___ Records

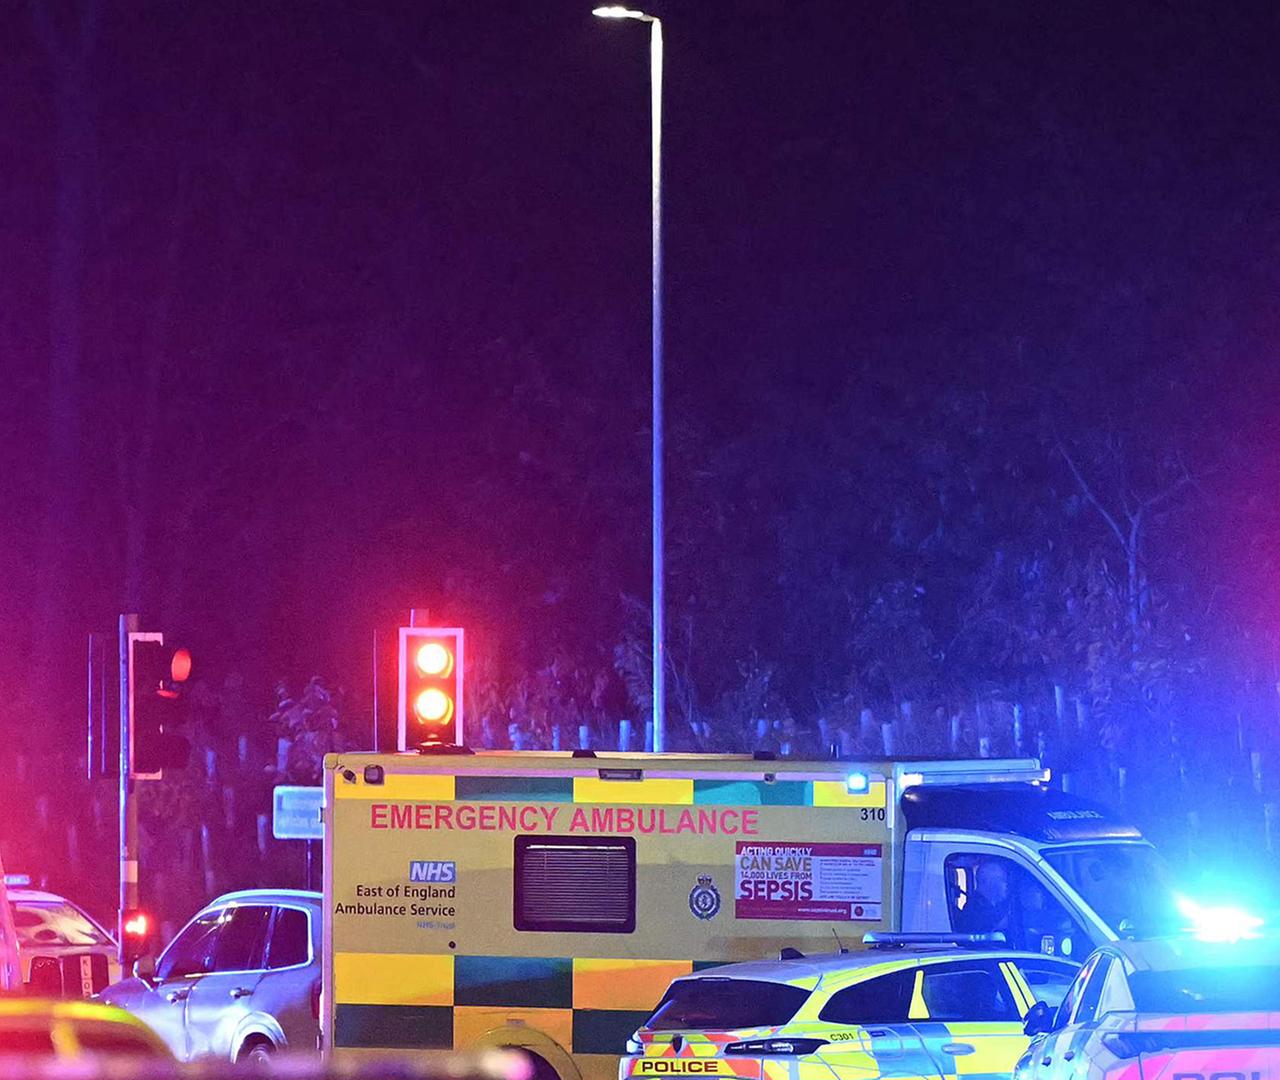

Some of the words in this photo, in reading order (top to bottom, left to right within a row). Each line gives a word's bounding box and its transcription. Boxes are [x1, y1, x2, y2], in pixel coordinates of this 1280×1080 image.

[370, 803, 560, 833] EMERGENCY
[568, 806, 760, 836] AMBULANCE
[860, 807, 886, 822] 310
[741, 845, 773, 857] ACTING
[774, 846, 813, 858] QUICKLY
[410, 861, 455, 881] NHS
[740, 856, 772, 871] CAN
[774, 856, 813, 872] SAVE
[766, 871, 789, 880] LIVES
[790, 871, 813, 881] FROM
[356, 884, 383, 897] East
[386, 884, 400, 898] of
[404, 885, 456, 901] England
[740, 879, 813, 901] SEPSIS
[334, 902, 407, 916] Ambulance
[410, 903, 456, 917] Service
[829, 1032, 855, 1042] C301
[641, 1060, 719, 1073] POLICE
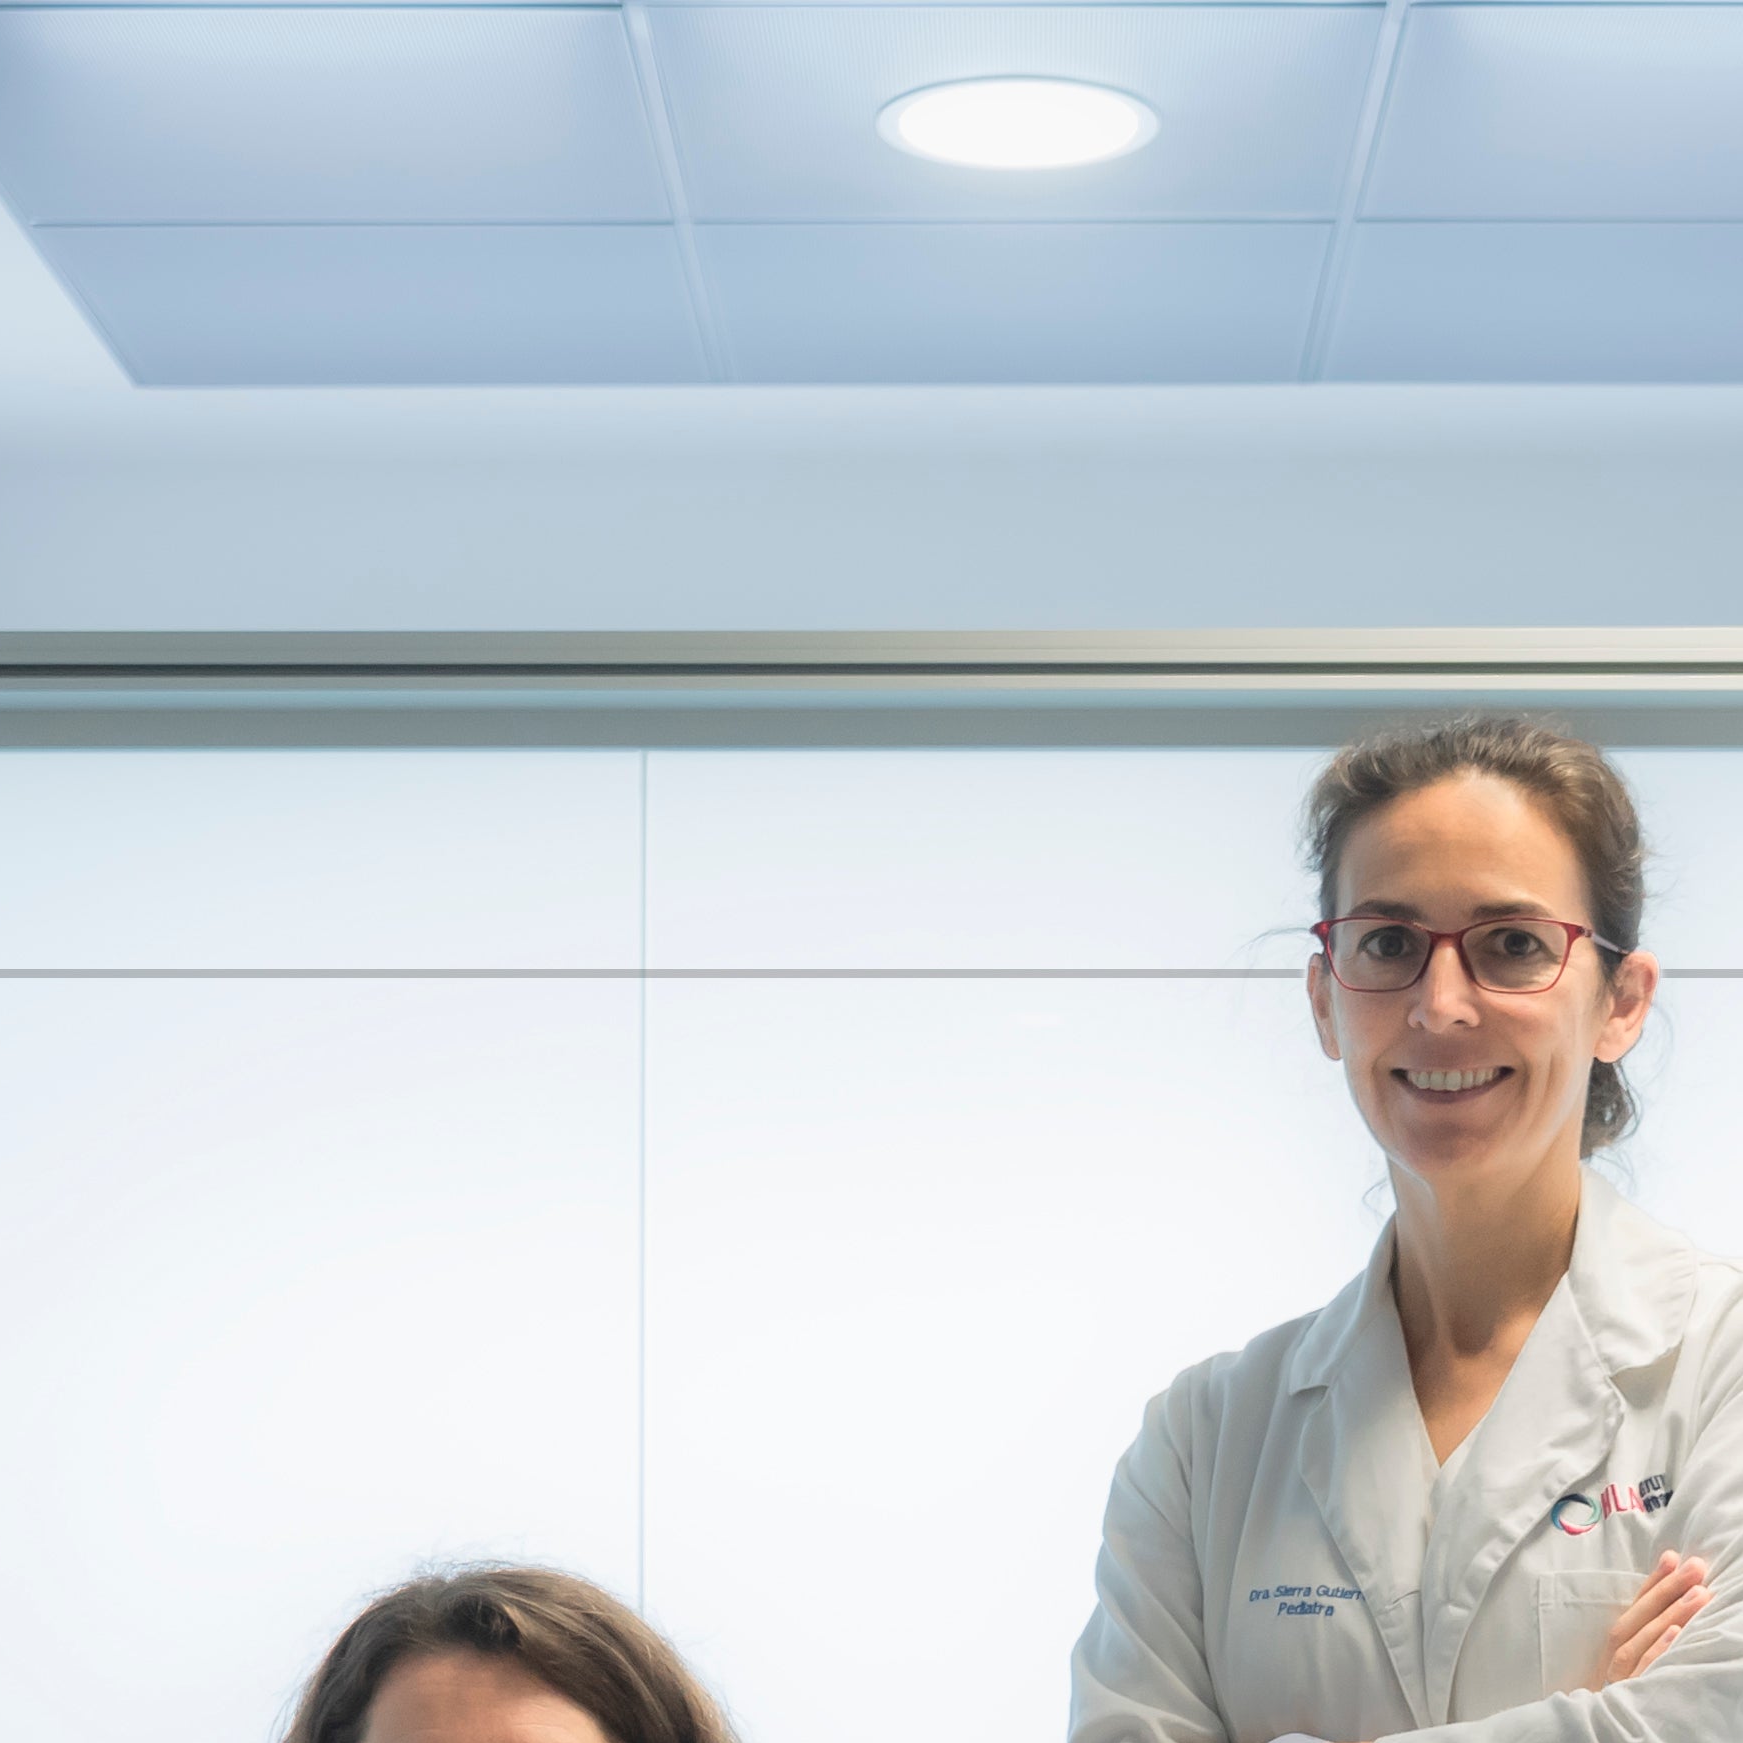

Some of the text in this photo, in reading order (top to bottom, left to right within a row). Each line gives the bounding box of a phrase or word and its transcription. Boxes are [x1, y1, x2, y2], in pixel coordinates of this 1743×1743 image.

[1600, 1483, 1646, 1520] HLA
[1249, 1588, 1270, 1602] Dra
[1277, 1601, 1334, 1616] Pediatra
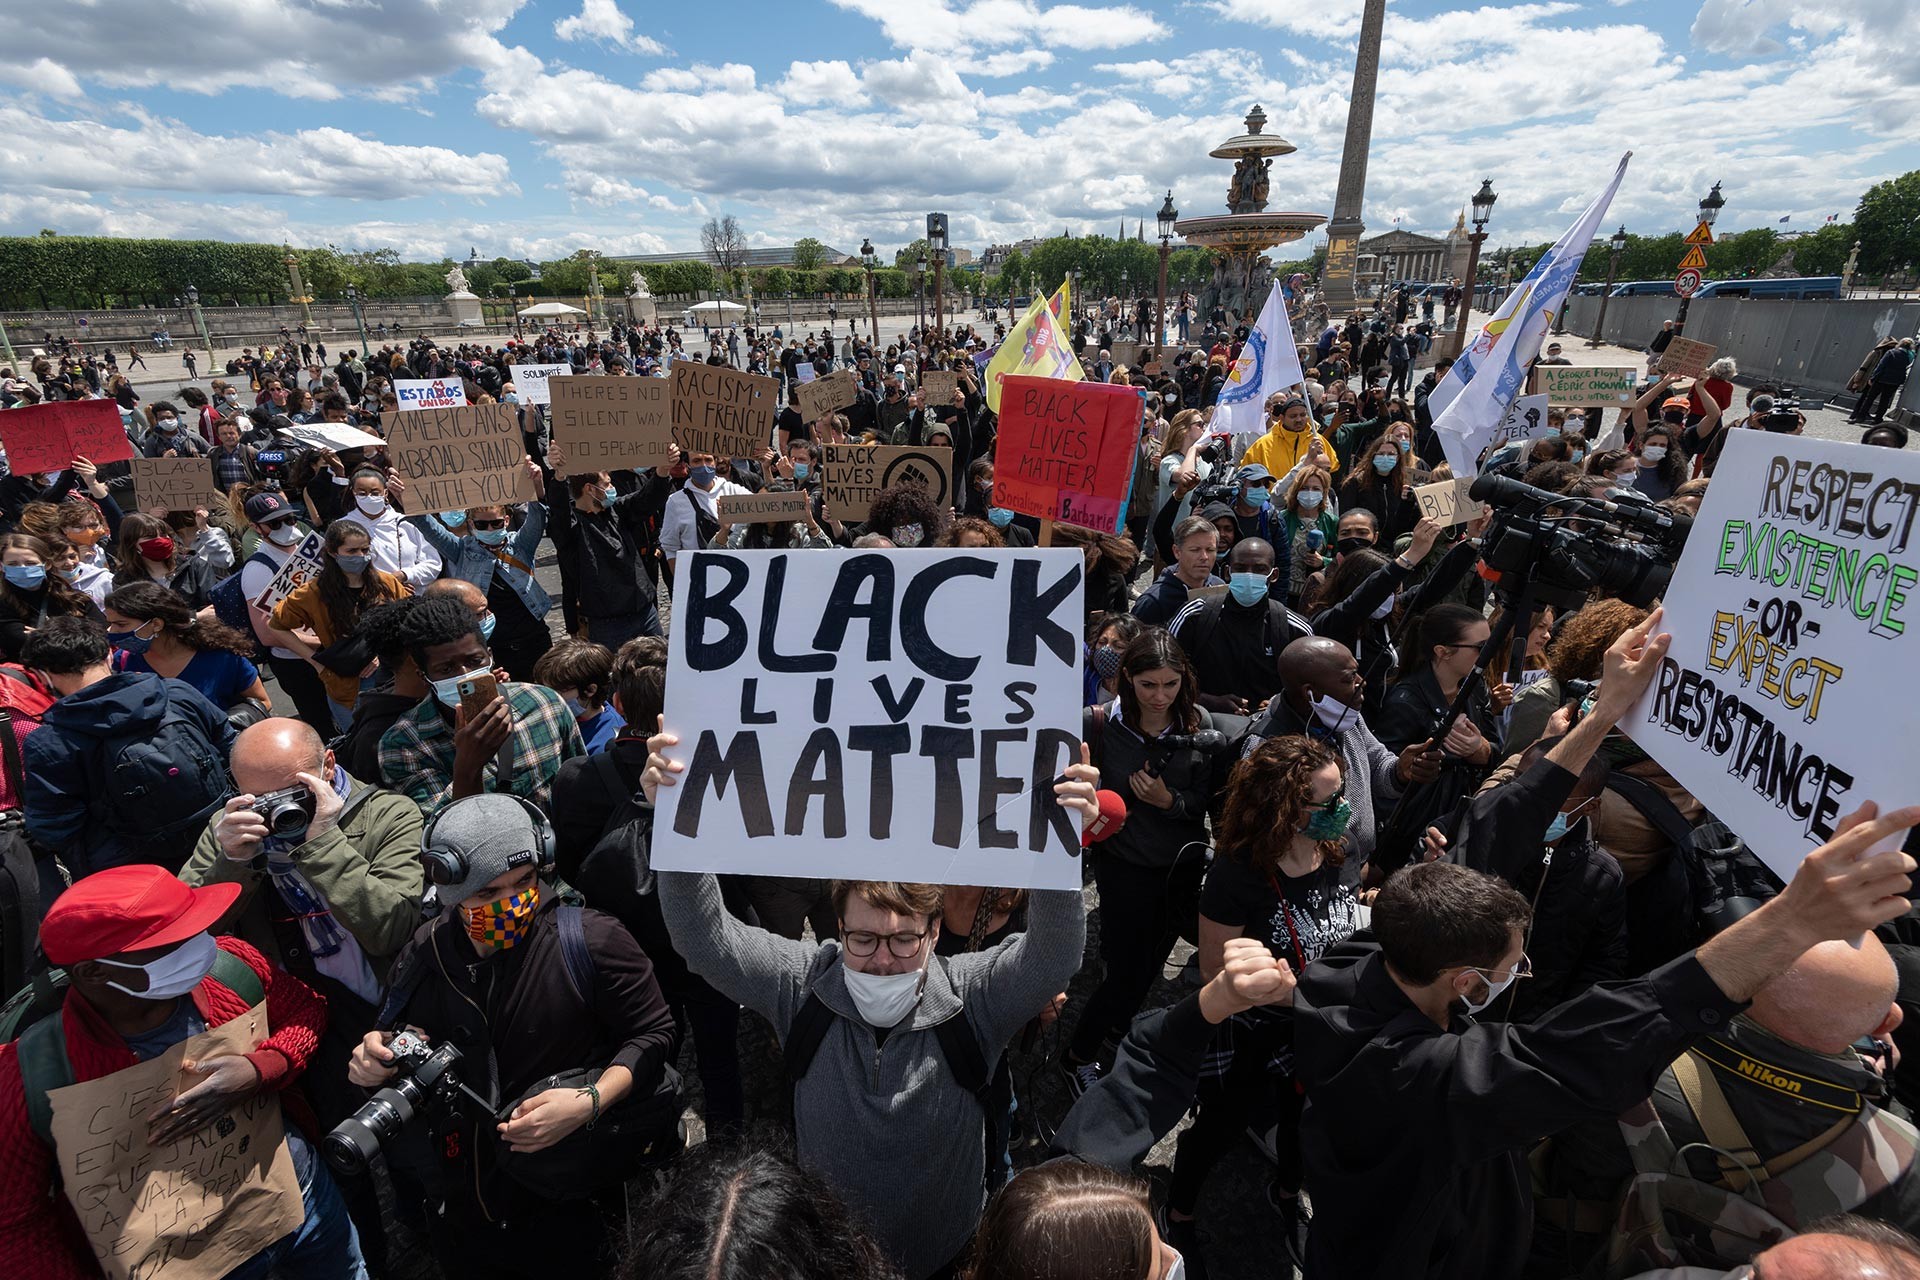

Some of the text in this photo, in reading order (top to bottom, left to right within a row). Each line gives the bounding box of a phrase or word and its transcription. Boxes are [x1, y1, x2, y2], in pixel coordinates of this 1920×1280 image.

______

**Task goal**
Write out the whole listing again, exactly, with no pictures.

**Answer**
Some of the words in this photo, in reading order (top to bottom, left to right within a row). Each line gives a word's bounding box and its transcription. Boxes are [x1, y1, x2, y2], in pixel coordinates of this 1280×1080 image.

[370, 803, 560, 833] EMERGENCY
[568, 806, 760, 836] AMBULANCE
[860, 807, 886, 822] 310
[741, 845, 773, 857] ACTING
[774, 846, 813, 858] QUICKLY
[410, 861, 455, 881] NHS
[740, 856, 772, 871] CAN
[774, 856, 813, 872] SAVE
[766, 871, 789, 880] LIVES
[790, 871, 813, 881] FROM
[356, 884, 383, 897] East
[386, 884, 400, 898] of
[404, 885, 456, 901] England
[740, 879, 813, 901] SEPSIS
[334, 902, 407, 916] Ambulance
[410, 903, 456, 917] Service
[829, 1032, 855, 1042] C301
[641, 1060, 719, 1073] POLICE

Some of the text in this photo, in reading order (top to bottom, left to right within a row). Each line gives the bounding box of a phrase or word and its transcription. Boxes are [x1, y1, x2, y2], in pixel coordinates of this 1743×1743 image.

[1600, 1483, 1646, 1520] HLA
[1249, 1588, 1270, 1602] Dra
[1277, 1601, 1334, 1616] Pediatra

Some of the text in this photo, in reading order (top to bottom, left to right within a row). Each line gives the bounding box of a phrase or word and its transcription. Boxes are [x1, y1, x2, y2], in pixel coordinates of this 1920×1280 image.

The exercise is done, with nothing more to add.